Task instructions: The expected response is the complete listing below, restated exactly, with its pictures omitted.
(Beginning of Records supplied)
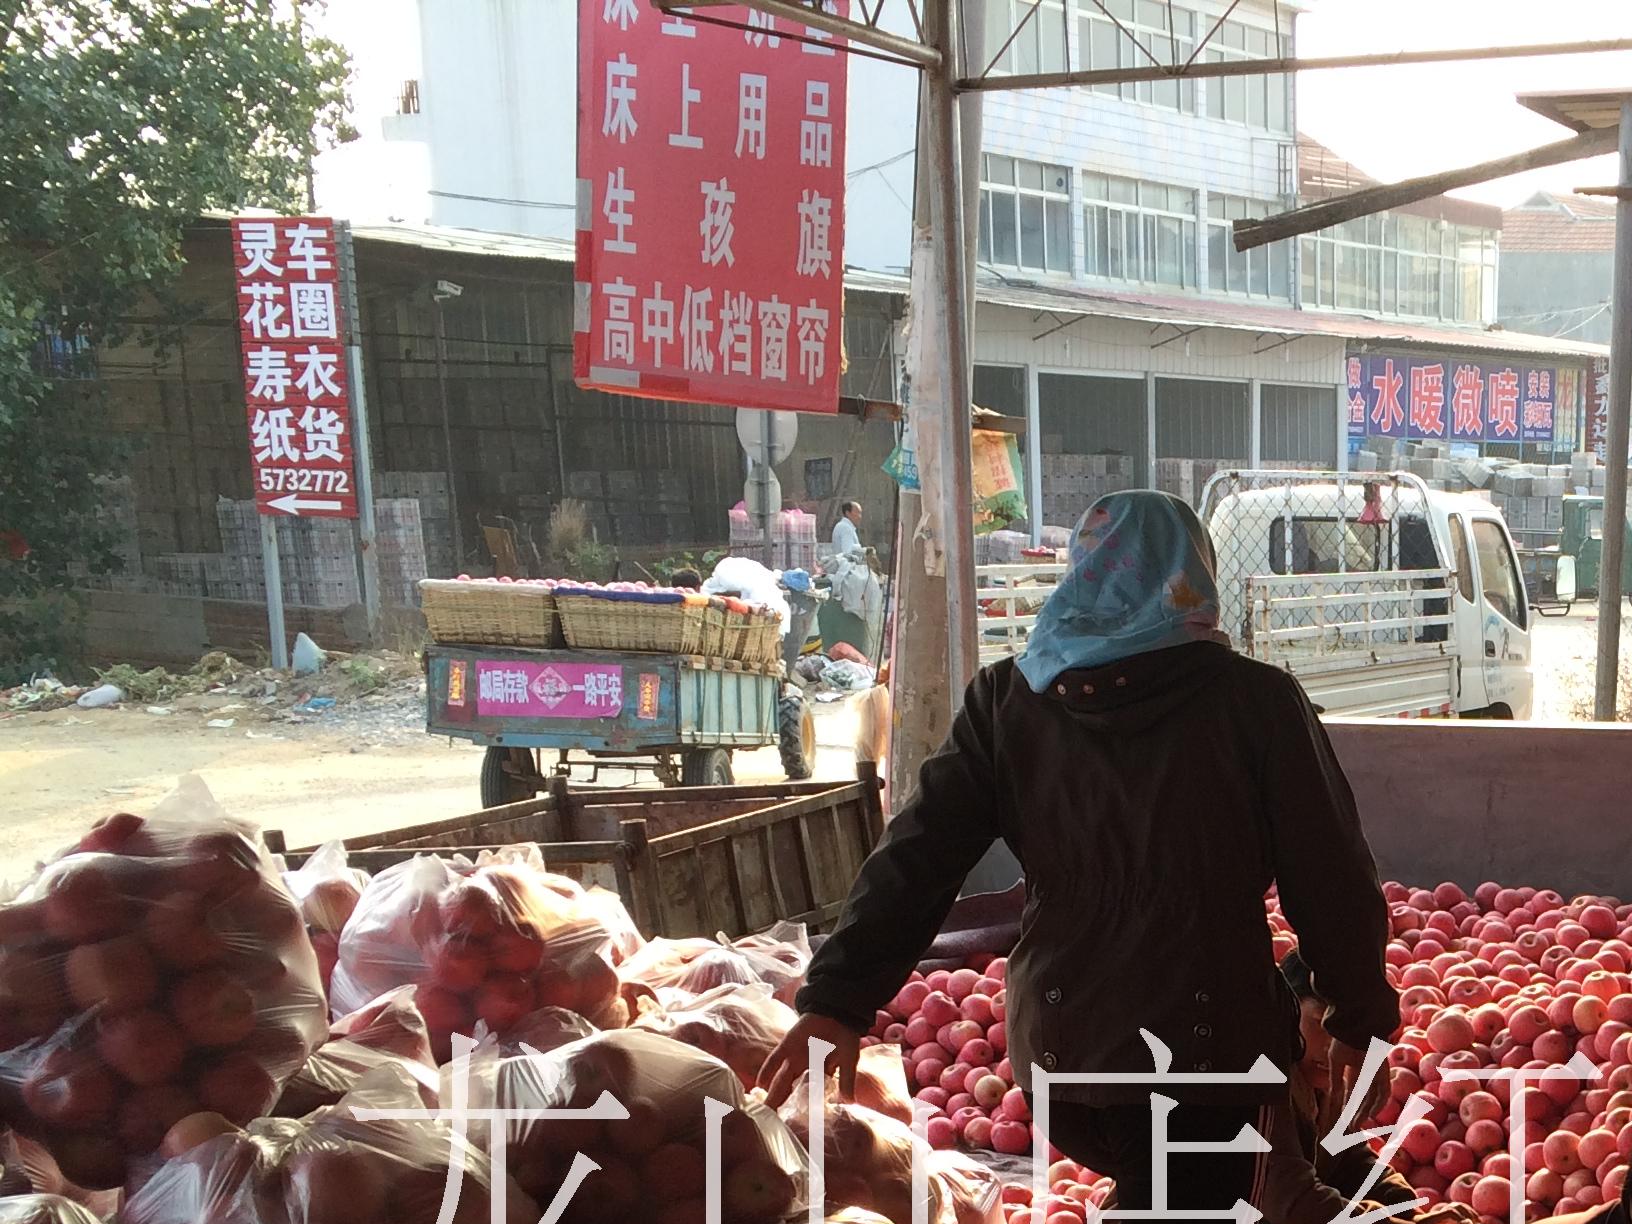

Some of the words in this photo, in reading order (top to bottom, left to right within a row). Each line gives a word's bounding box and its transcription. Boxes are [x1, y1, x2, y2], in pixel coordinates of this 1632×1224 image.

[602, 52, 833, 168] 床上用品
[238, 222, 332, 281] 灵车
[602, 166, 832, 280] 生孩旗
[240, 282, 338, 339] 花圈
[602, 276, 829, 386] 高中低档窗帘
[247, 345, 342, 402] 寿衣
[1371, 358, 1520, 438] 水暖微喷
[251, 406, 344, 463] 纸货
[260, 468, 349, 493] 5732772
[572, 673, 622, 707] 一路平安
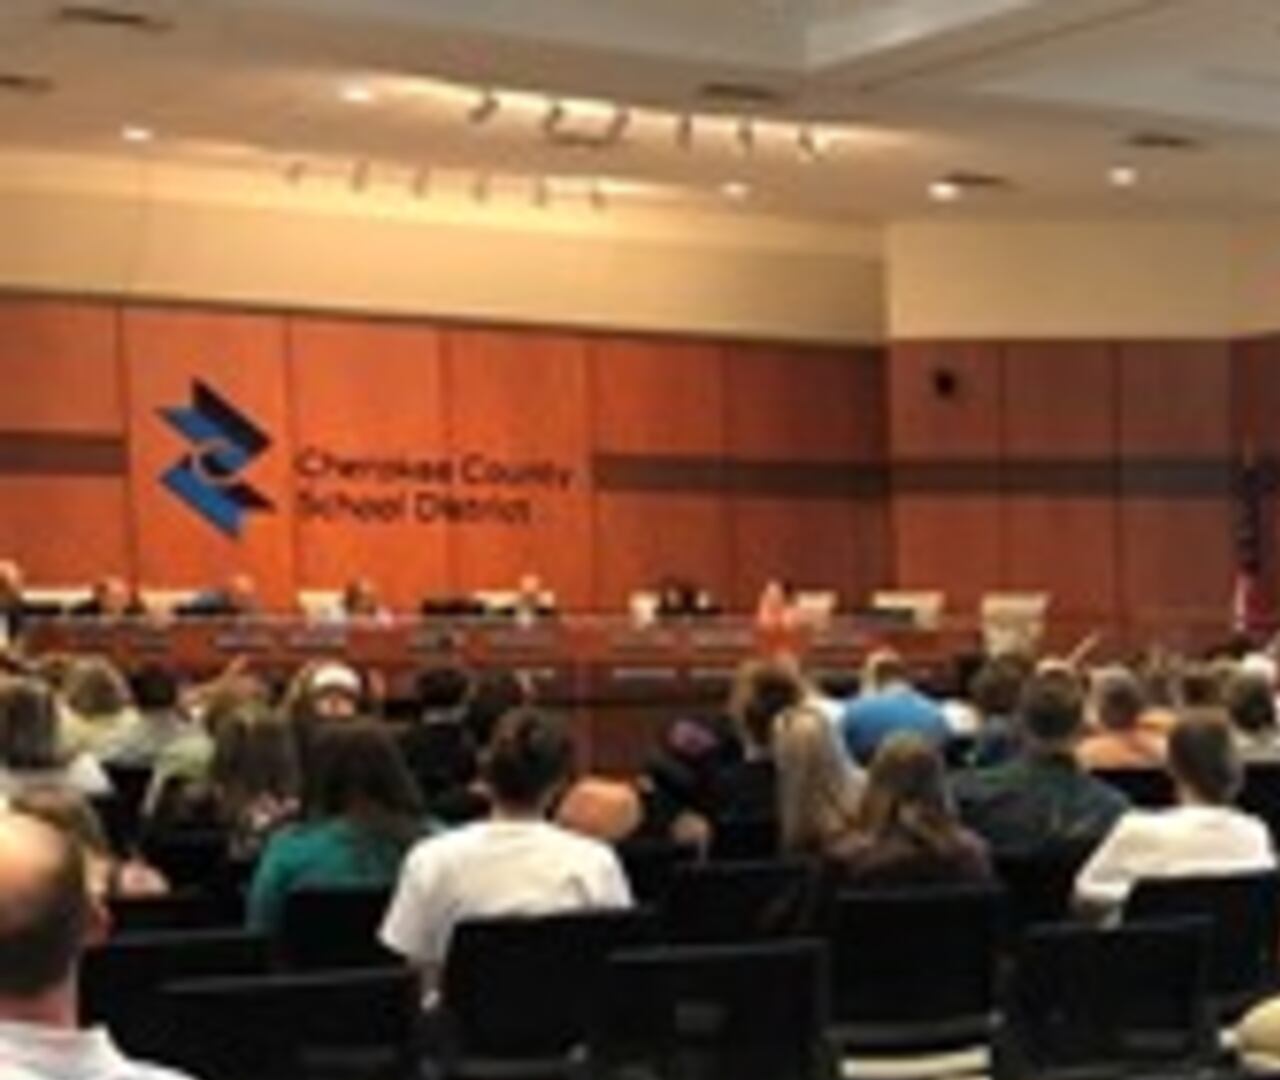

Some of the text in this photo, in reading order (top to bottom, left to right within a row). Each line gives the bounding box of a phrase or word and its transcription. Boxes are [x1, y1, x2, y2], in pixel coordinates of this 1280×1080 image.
(End of Records supplied)
Written solution:
Some of the words in this photo, in reading order (top to bottom, left to right within a row). Each line gives a word's bounding box and its transcription. Boxes are [x1, y1, x2, y2], in pixel coordinates of this 1632×1224 image.

[602, 52, 833, 168] 床上用品
[238, 222, 332, 281] 灵车
[602, 166, 832, 280] 生孩旗
[240, 282, 338, 339] 花圈
[602, 276, 829, 386] 高中低档窗帘
[247, 345, 342, 402] 寿衣
[1371, 358, 1520, 438] 水暖微喷
[251, 406, 344, 463] 纸货
[260, 468, 349, 493] 5732772
[572, 673, 622, 707] 一路平安

Some of the text in this photo, in reading order (top to bottom, left to right within a row). Each line gives the bounding box of a phrase or word and its transcription. Boxes are [x1, y1, x2, y2], in pixel coordinates of this 1280×1080 image.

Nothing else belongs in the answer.